Appel and first author Alexandria N. Hughes, a graduate student in the CU Graduate School's Neuroscience Program, used larval zebrafish, small and transparent vertebrates that share many aspects of nervous system development with humans. Because zebrafish larvae are transparent, cells of the nervous system can be watched during the course of development.

The team found that microglia, which are the brain's population of immune cells that defend against infection throughout life, also play an essential role in regulating myelination. Myelination is a connection process formed between electrically active neurons and a glial cell type called oligodendrocytes.

Oligodendrocytes wrap the long axons of neurons with segments of fatty myelin membrane to insulate them, which increases the speed brain signals are sent. The process of how the nervous system removes incorrect myelin segments or sheaths is unknown.

Insights Into Development of Disease

In their study, the CU researchers observed that microglia extend within myelinated tracts of the nervous system and examine individual myelin sheaths, removing some of them by phagocytosis, or cellular "eating." Furthermore, the amount of myelin that microglia ate depended on neuronal activity, suggesting that microglia may listen to neurons to determine whether to remove myelin.
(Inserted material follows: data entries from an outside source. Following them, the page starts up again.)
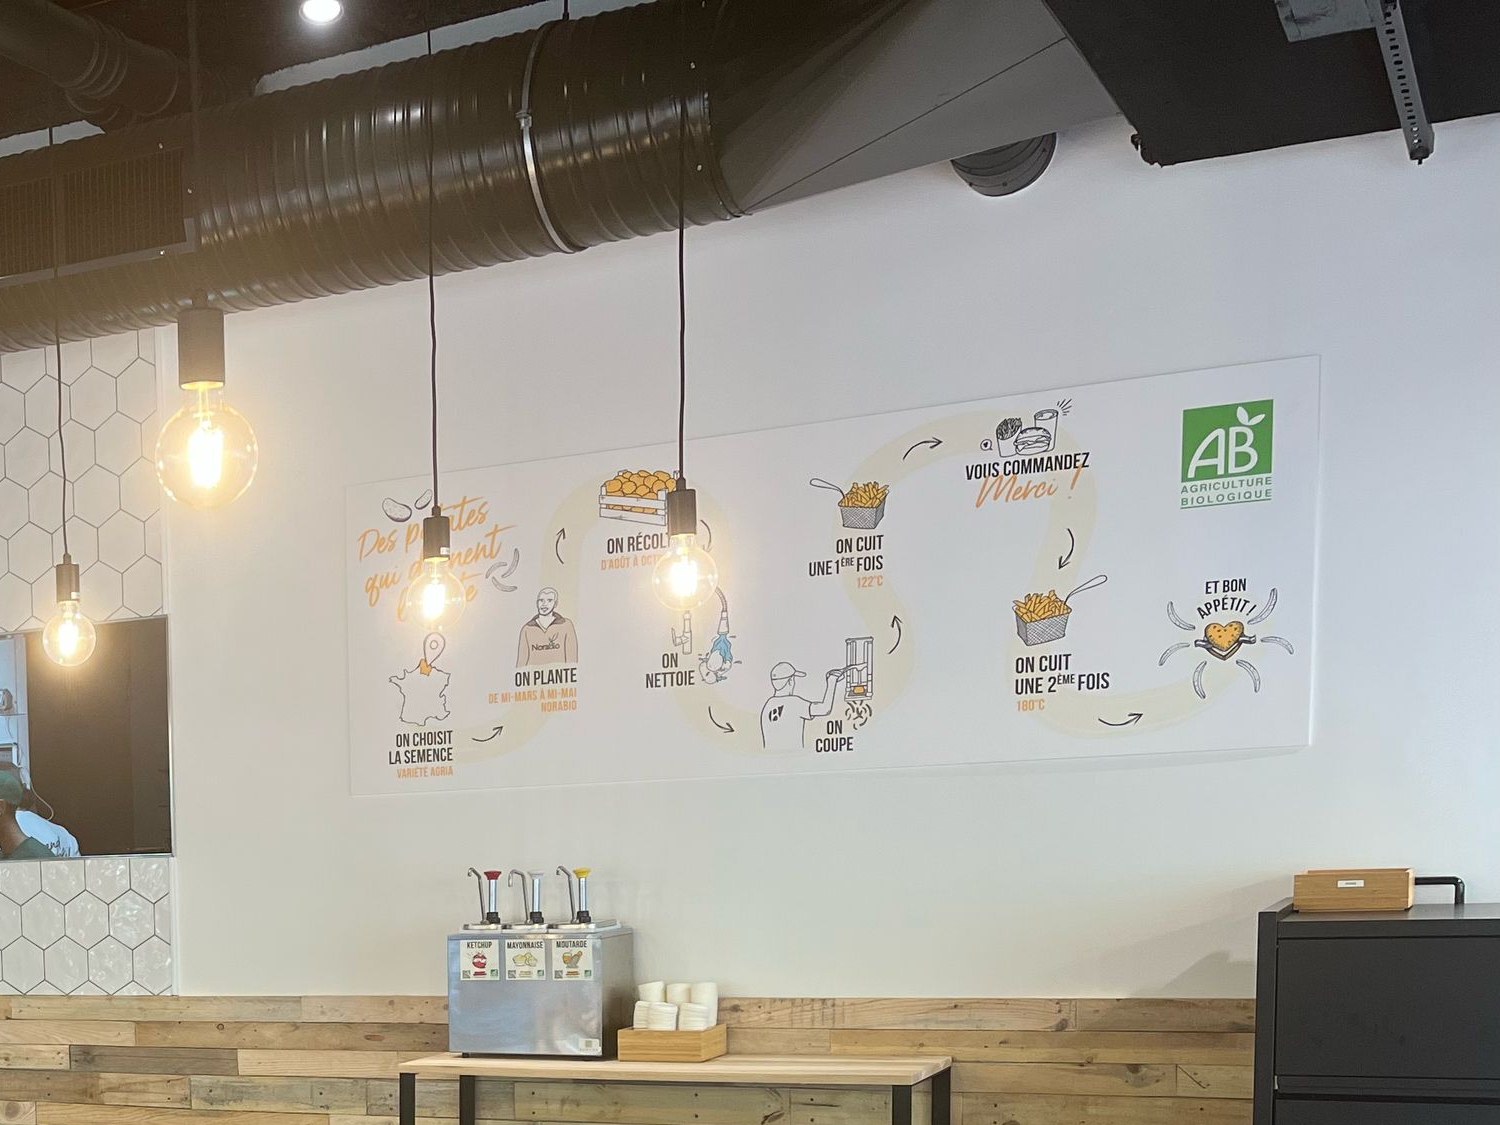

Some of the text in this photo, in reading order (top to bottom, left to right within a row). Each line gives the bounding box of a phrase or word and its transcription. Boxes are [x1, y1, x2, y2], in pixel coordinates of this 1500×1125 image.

[1187, 425, 1258, 478] AB
[965, 452, 1090, 480] VOUS COMMANDEZ
[975, 474, 1058, 508] Merci
[1180, 476, 1272, 495] AGRICULTURE
[1180, 488, 1272, 506] BIOLOGIQUE
[357, 529, 398, 564] Des
[606, 537, 624, 555] ON
[836, 534, 884, 554] ON CUIT
[808, 560, 833, 577] UNE
[856, 554, 883, 572] FOIS
[365, 566, 400, 607] qui
[1205, 578, 1247, 595] ET BON
[1196, 594, 1251, 620] APPÉTIT
[662, 652, 679, 669] ON
[1015, 653, 1072, 674] ON CUIT
[515, 667, 578, 688] ON PLANTE
[645, 670, 695, 689] NETTOIE
[1015, 677, 1043, 695] UNE
[1077, 672, 1110, 691] FOIS
[488, 692, 499, 704] DE
[501, 690, 538, 703] MI-MARS
[547, 687, 577, 700] MI-MAI
[541, 699, 578, 713] NORABIO
[826, 719, 843, 735] ON
[395, 730, 453, 748] ON CHOISIT
[815, 736, 854, 752] COUPE
[388, 747, 453, 765] LA SEMENCE
[430, 765, 453, 777] AGRIA
[466, 940, 493, 949] KETCHUP
[507, 941, 544, 949] MAYONNAISE
[556, 940, 588, 948] MOUTARDE
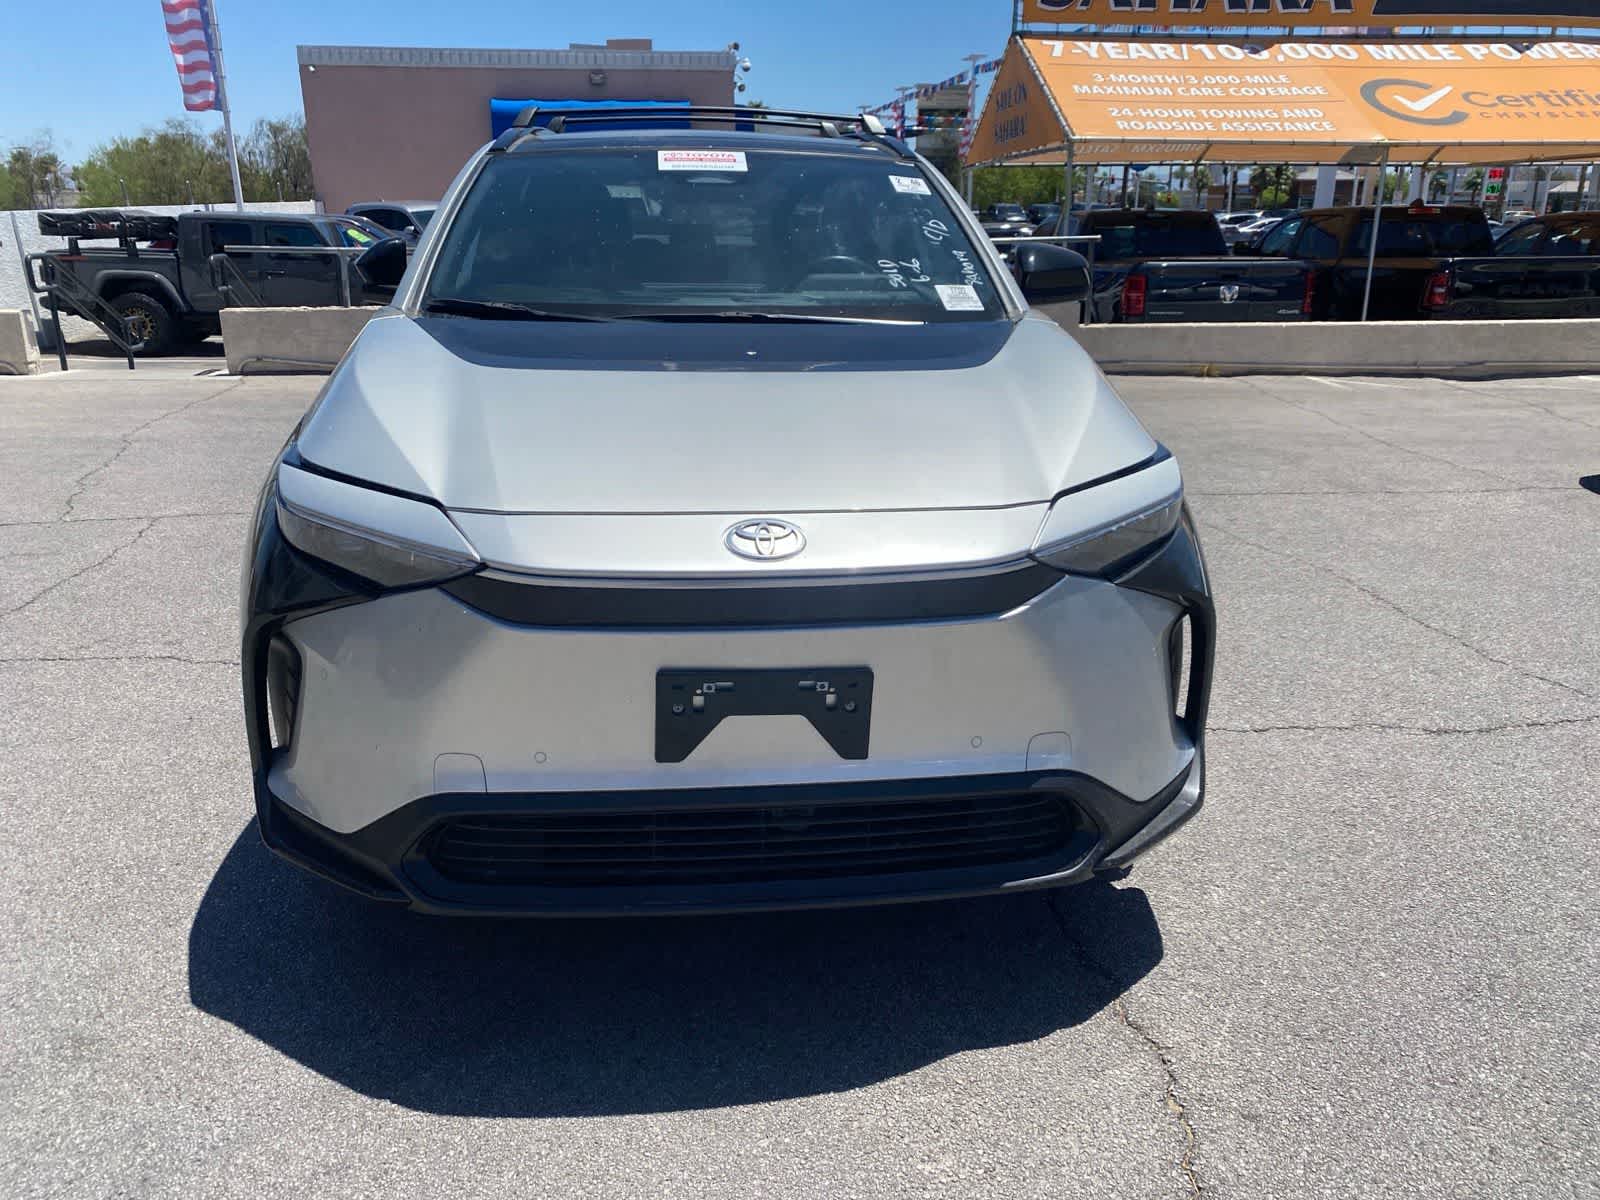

Understanding myelin is important because myelin abnormalities are a hallmark of numerous neurological and neuropsychiatric diseases, including Alzheimer's disease, schizophrenia, and an autism spectrum disorder.

These newly reported data raise the possibility that microglial dysfunction, even early in development, could set the stage for later disease emergence and progression by altering myelination.

"Learning how microglia, oligodendrocytes, and neurons work together to build a functional nervous system could ultimately help our understanding of how these cells interact in diseases of development or aging and may influence strategies for myelin repair," Hughes said.